Tuesday, November 24, 2009

Revisiting C2

As I mentioned before, with the GOG version of Albian Years, I can finally run C1 and C2 again on my computer, for the first time in years. And what a nostalgia trip.

C2 was my first creatures game, and it has a ton of emotion attached for me, granted, I was all of 11-12 years old at the time and I feel like I understand a lot more now. At least one would hope, right?

I decided to run a vanilla world before introducing anything 3rd party, even genomes, just to see how things might pan out. I remember as a kid I never actually used any special genomes, I just always injected the holodoc and let creatures be script-coddled all their lives, really having no idea how this affected their intelligence. This way I can have a reminder what what creatures are like 'normally' before I try say, canny norns.

Luckily the GOG C2 isn't actually completely vanilla; it includes the life kits and an updated genome, making it a little more tolerable. Throughout my playing time though, I did notice a lot-- some things that I realized I really missed from C3/DS, some things I forgot existed, and some things I really didn't know existed at all.

This little sitting/kneeling position, for example-- that's so cute! Why does that not exist in DS? Creatures just go straight from standing to lying down with no in-between. Maybe I'm silly, but this really is one of my favorite little poses. Who was it that decided C3/DS creatures shouldn't be able to do this. This creature pictured is Eva, by the way. She was the first norn born into the world-- I always loved the goldies; certainly one of my favorite breeds in C2.

This inquisitiveness too-- creatures constantly asking, "what dat?" and "what dis?" is just so silly and charming, I completely forgot it existed. Though I don't know anything about C2 genetics and scripting... is this something genetic that young creatures just feel the need to ask questions, or is it just a scripted event that runs often in newborns to prompt the hand to answer questions? The latter shouldn't be too hard to replicate in C3-- so I wonder why it was left out? This little dude is Ichi-- I hatched him after Eva was pretty well trained to offer companionship and possible future mateship.

I must say, teaching norns to talk in C2 can be frustrating. In some aspects I do miss it-- in the same way that I really enjoy hand-teaching norn in C3/DS, but as I've found, the DS way of teaching nouns has still spoiled me to death. It is endlessly frustrating when you want a norn to "eat food," yet they don't yet know what food is, and until they get bored enough to look at it, you can't even teach them what it is, let alone get them to eat it.

"Ichi yes"-- someone remind me what that means. Judging that from the hand's perspective, that 'yes' essentially means, 'good job,' I suppose this means that Ichi is quite proud of himself? This is certainly a level of depth we're missing in DS.

Norns in general are a lot more chatty in C2, it seems, and will actually speak out single words like "come" or "hit" or "food" etc, while C3 norns pretty much only speak in either "name-verb-noun" or "name-modifier-feeling" strings.
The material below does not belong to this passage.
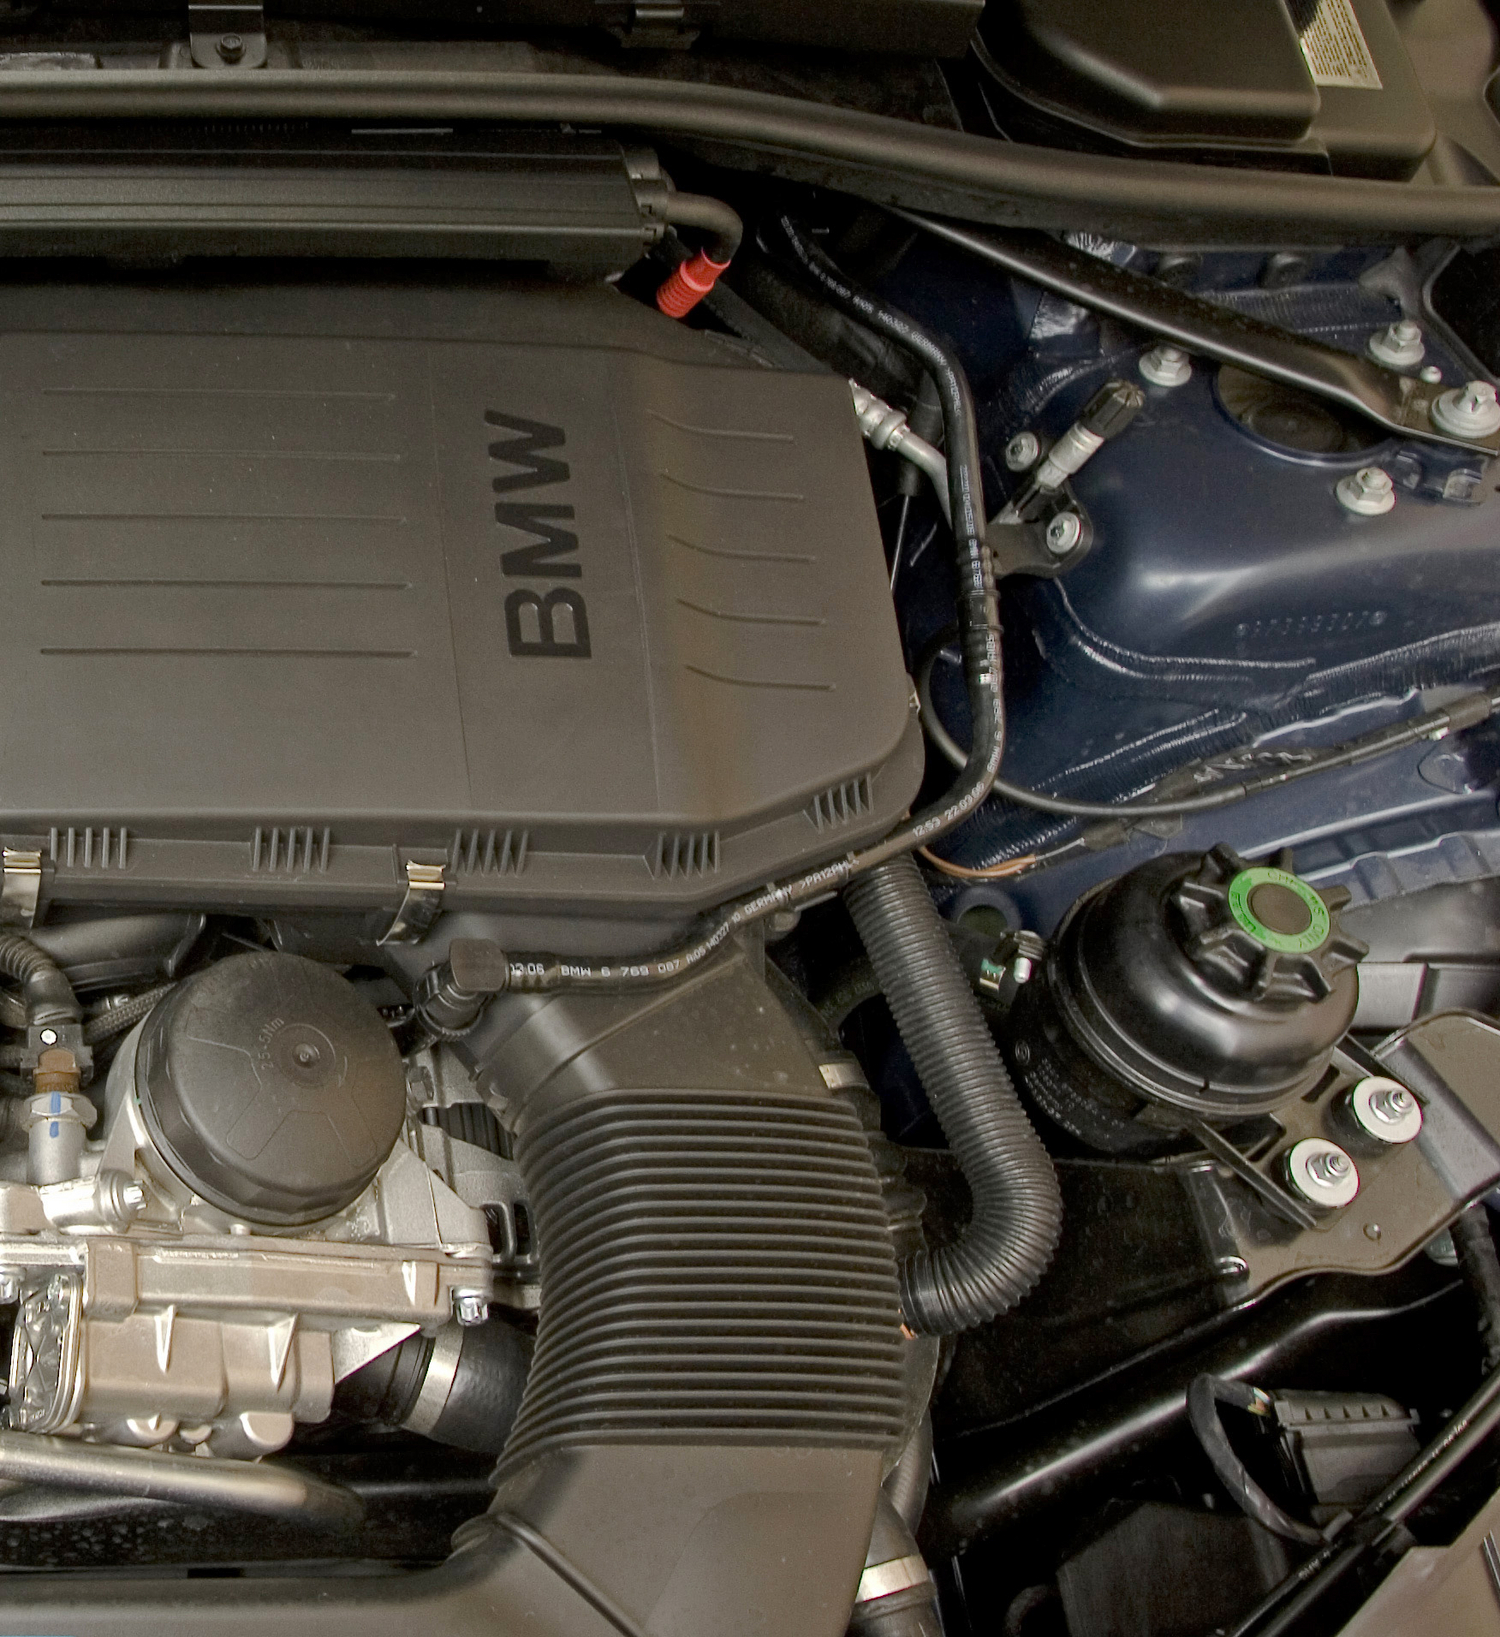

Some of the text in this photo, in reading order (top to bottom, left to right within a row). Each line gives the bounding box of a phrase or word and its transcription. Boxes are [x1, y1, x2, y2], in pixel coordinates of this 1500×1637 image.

Also, the "Ichi very hungry, get food" strings that state both their need and what they intend to do about it are certainly an Albian exclusive.

I remember this face. More specifically, I remember seeing it on my creatures 90% of their lives-- the darn things are always tired or sleepy, and don't seem to want to sleep at all, ever. I certainly don't miss that about C2. Poor creatures always looked so miserable, and it was so hard to keep them happy.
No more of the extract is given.